Task to carry out:
Please retype the entries below word for word, passing over every picture.

• • • •

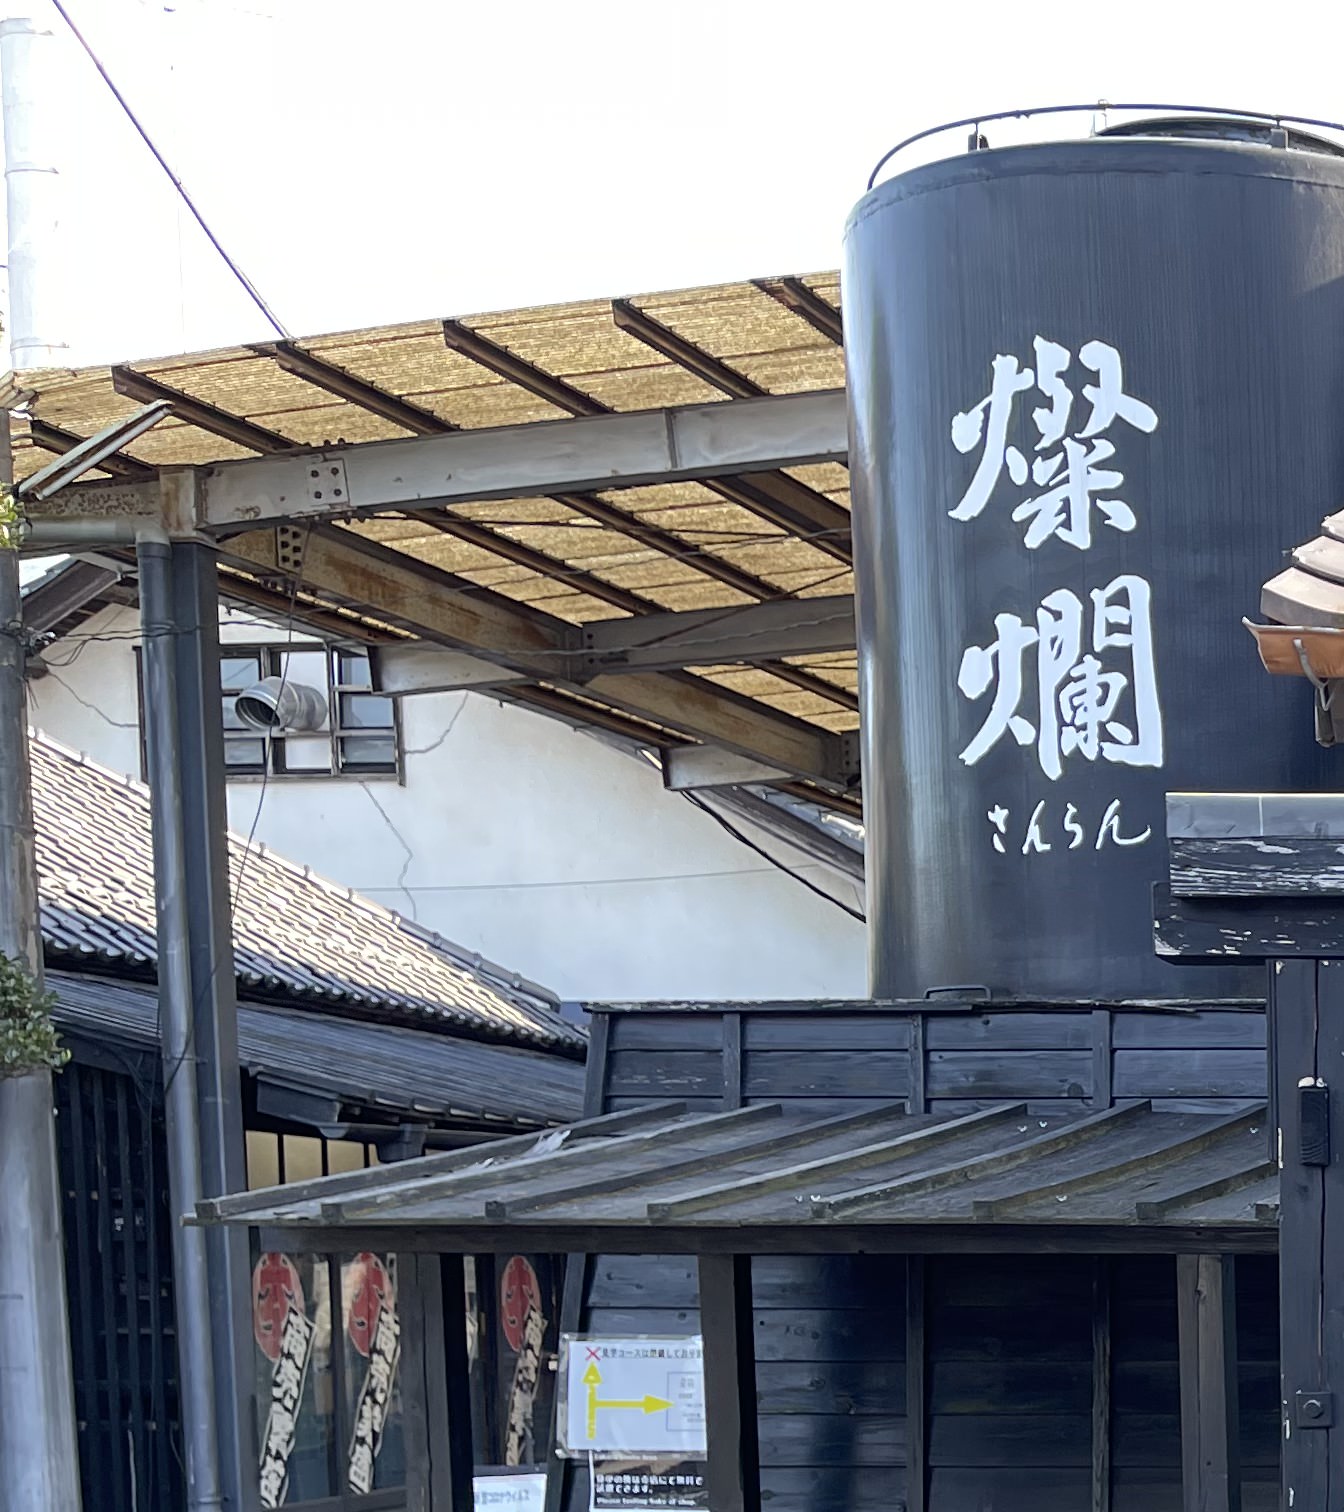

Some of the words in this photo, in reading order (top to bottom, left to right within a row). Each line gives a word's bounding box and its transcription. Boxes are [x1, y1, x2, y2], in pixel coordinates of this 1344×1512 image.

[947, 335, 1163, 780] 燦爛
[987, 798, 1151, 854] さんらん
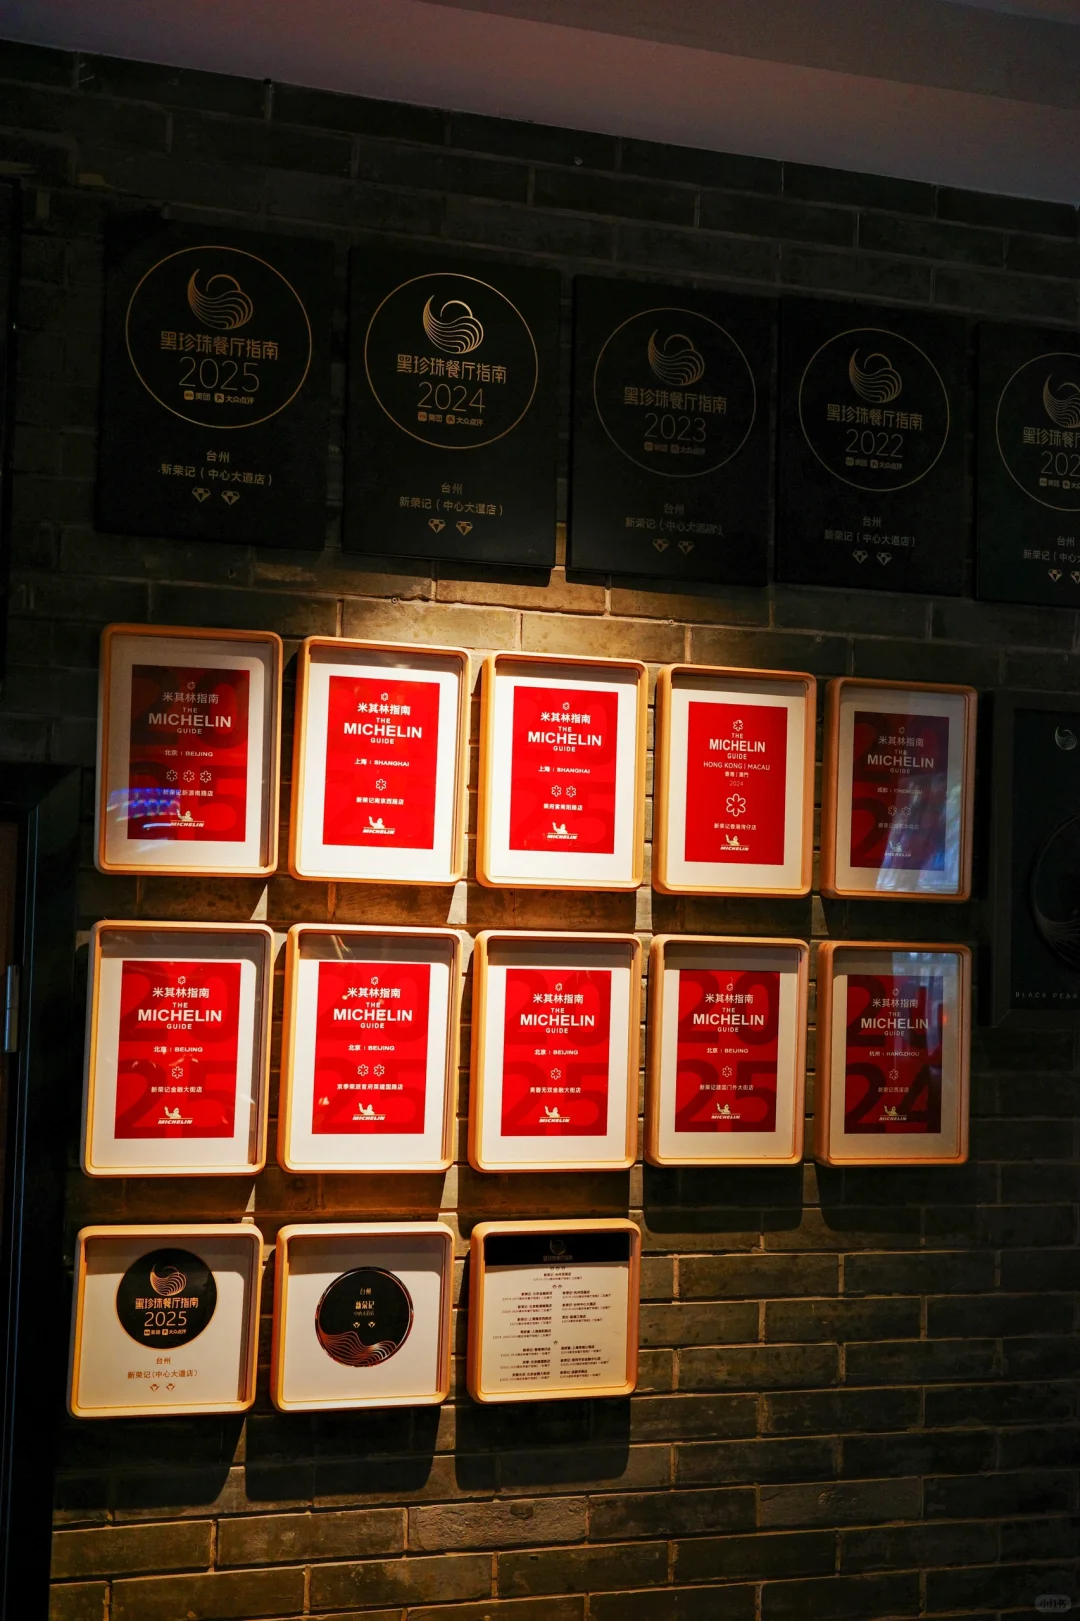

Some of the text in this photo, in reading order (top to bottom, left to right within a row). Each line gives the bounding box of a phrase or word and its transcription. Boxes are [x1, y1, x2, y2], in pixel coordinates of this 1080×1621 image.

[161, 331, 278, 361] 黑珍珠餐厅指南
[179, 356, 260, 393] 2025
[397, 353, 506, 385] 黑珍珠餐厅指南
[225, 395, 254, 404] 大众点评
[418, 382, 485, 414] 2024
[624, 387, 726, 415] 黑珍珠餐厅指南
[456, 417, 483, 426] 大众点评
[827, 404, 922, 431] 黑珍珠餐厅指南
[645, 413, 708, 443] 2023
[846, 429, 903, 458] 2022
[207, 450, 229, 462] 台州
[441, 483, 462, 494] 台州
[664, 503, 684, 514] 台州
[863, 516, 881, 527] 台州
[1057, 536, 1074, 546] 台州
[163, 692, 219, 704] 米其林指南
[358, 703, 410, 715] 米其林指南
[149, 712, 231, 729] MICHELIN
[541, 712, 590, 724] 米其林指南
[344, 722, 422, 739] MICHELIN
[528, 730, 601, 747] MICHELIN
[879, 736, 924, 747] 米其林指南
[710, 739, 765, 752] MICHELIN
[868, 754, 934, 769] MICHELIN
[153, 987, 209, 998] 米其林指南
[347, 987, 400, 998] 米其林指南
[706, 994, 753, 1003] 米其林指南
[533, 994, 583, 1004] 米其林指南
[873, 998, 918, 1008] 米其林指南
[138, 1009, 221, 1021] MICHELIN
[334, 1009, 412, 1021] MICHELIN
[521, 1014, 594, 1026] MICHELIN
[693, 1014, 763, 1025] MICHELIN
[861, 1017, 929, 1030] MICHELIN
[136, 1297, 198, 1309] 黑珍珠餐厅指南
[145, 1311, 186, 1326] 2025

• • • •

Task solution:
Some of the words in this photo, in reading order (top to bottom, left to right within a row). Each line gives a word's bounding box and its transcription. Boxes are [x1, y1, x2, y2], in pixel coordinates of this 1344×1512 image.

[947, 335, 1163, 780] 燦爛
[987, 798, 1151, 854] さんらん

Some of the text in this photo, in reading order (top to bottom, left to right within a row). Each line gives the bounding box of a phrase or word and its transcription. Boxes are [x1, y1, x2, y2], in pixel coordinates of this 1080×1621 image.

[161, 331, 278, 361] 黑珍珠餐厅指南
[179, 356, 260, 393] 2025
[397, 353, 506, 385] 黑珍珠餐厅指南
[225, 395, 254, 404] 大众点评
[418, 382, 485, 414] 2024
[624, 387, 726, 415] 黑珍珠餐厅指南
[456, 417, 483, 426] 大众点评
[827, 404, 922, 431] 黑珍珠餐厅指南
[645, 413, 708, 443] 2023
[846, 429, 903, 458] 2022
[207, 450, 229, 462] 台州
[441, 483, 462, 494] 台州
[664, 503, 684, 514] 台州
[863, 516, 881, 527] 台州
[1057, 536, 1074, 546] 台州
[163, 692, 219, 704] 米其林指南
[358, 703, 410, 715] 米其林指南
[149, 712, 231, 729] MICHELIN
[541, 712, 590, 724] 米其林指南
[344, 722, 422, 739] MICHELIN
[528, 730, 601, 747] MICHELIN
[879, 736, 924, 747] 米其林指南
[710, 739, 765, 752] MICHELIN
[868, 754, 934, 769] MICHELIN
[153, 987, 209, 998] 米其林指南
[347, 987, 400, 998] 米其林指南
[706, 994, 753, 1003] 米其林指南
[533, 994, 583, 1004] 米其林指南
[873, 998, 918, 1008] 米其林指南
[138, 1009, 221, 1021] MICHELIN
[334, 1009, 412, 1021] MICHELIN
[521, 1014, 594, 1026] MICHELIN
[693, 1014, 763, 1025] MICHELIN
[861, 1017, 929, 1030] MICHELIN
[136, 1297, 198, 1309] 黑珍珠餐厅指南
[145, 1311, 186, 1326] 2025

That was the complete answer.